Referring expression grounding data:
***

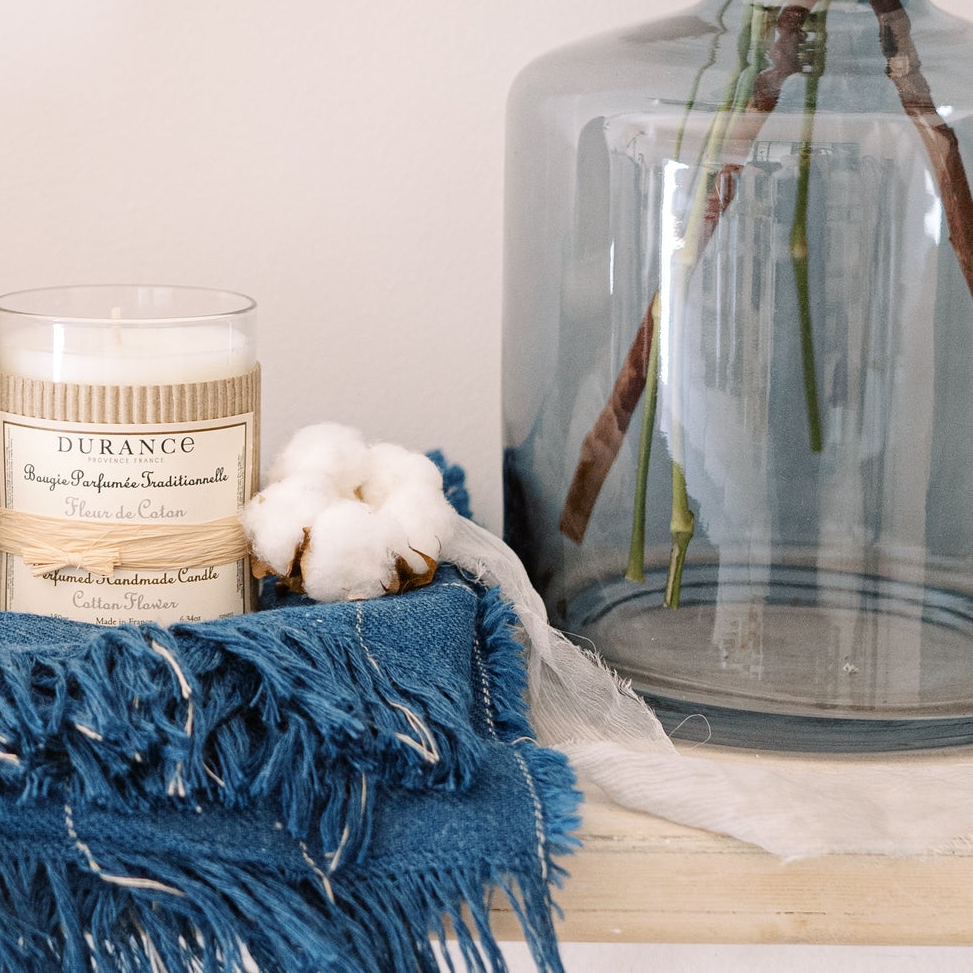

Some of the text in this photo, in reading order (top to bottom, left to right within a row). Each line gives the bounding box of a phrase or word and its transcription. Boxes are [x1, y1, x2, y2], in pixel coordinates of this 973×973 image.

[23, 463, 229, 493] Bougie Parfumée Traditionnelle
[65, 496, 187, 519] Fleur de Coton
[40, 568, 94, 587] erfumed
[178, 566, 220, 584] Candle
[72, 590, 179, 611] Cotton Flower
[96, 617, 117, 625] Made
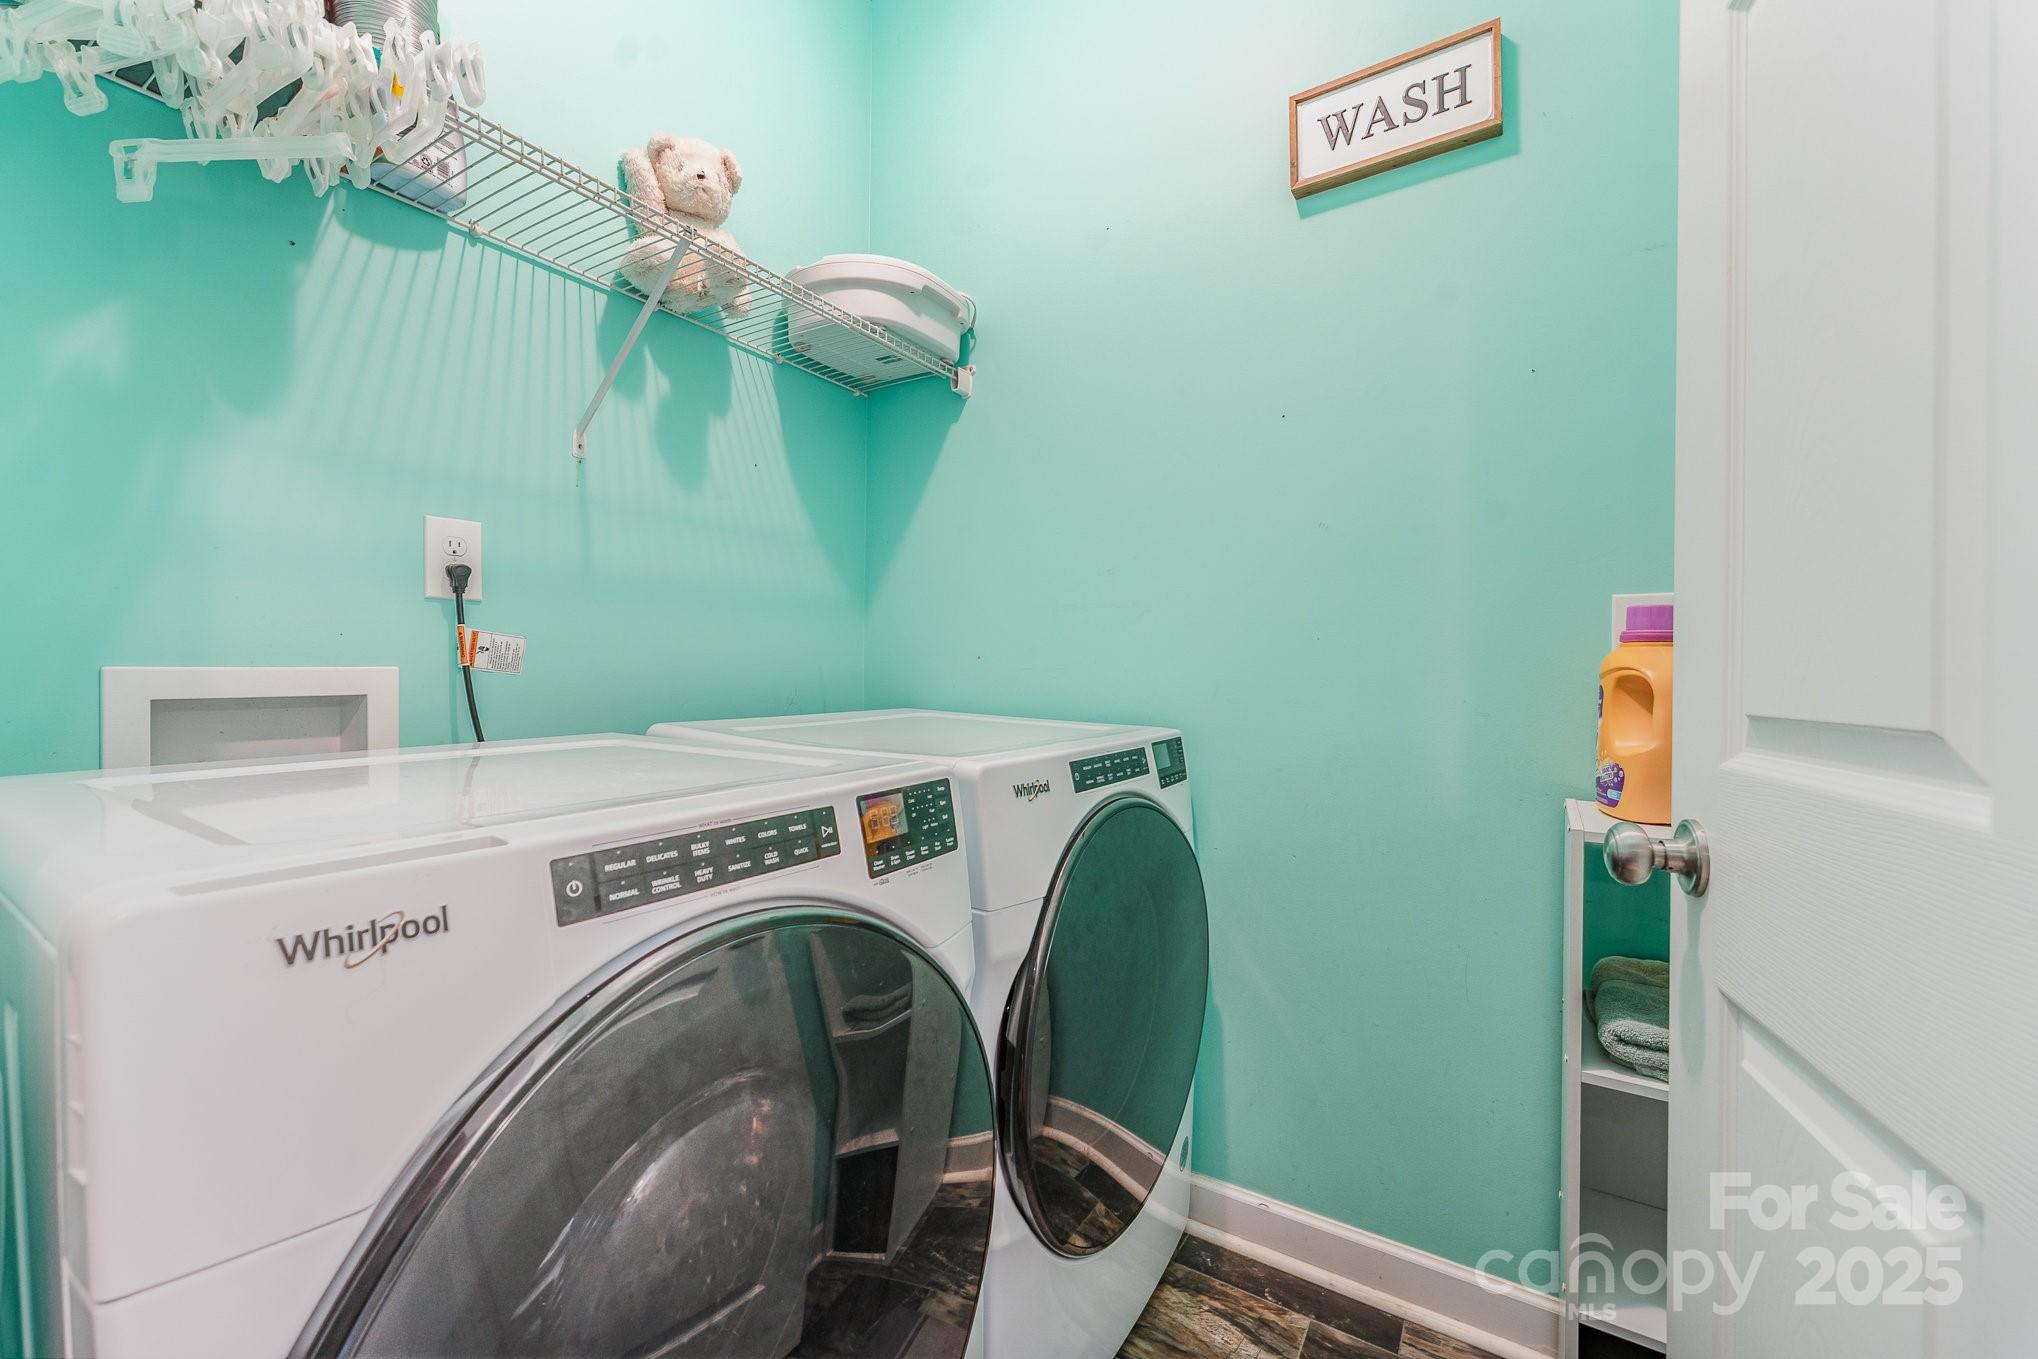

***

> _Work instructions_
Render the data above verbatim and without pictures.

> _Reply_
Some of the text in this photo, in reading order (top to bottom, left to right within a row). Each line gives the bounding box of a phrase or word and its transcription. Boxes are [x1, y1, x2, y2], in pixel coordinates of this 973×973 image.

[23, 463, 229, 493] Bougie Parfumée Traditionnelle
[65, 496, 187, 519] Fleur de Coton
[40, 568, 94, 587] erfumed
[178, 566, 220, 584] Candle
[72, 590, 179, 611] Cotton Flower
[96, 617, 117, 625] Made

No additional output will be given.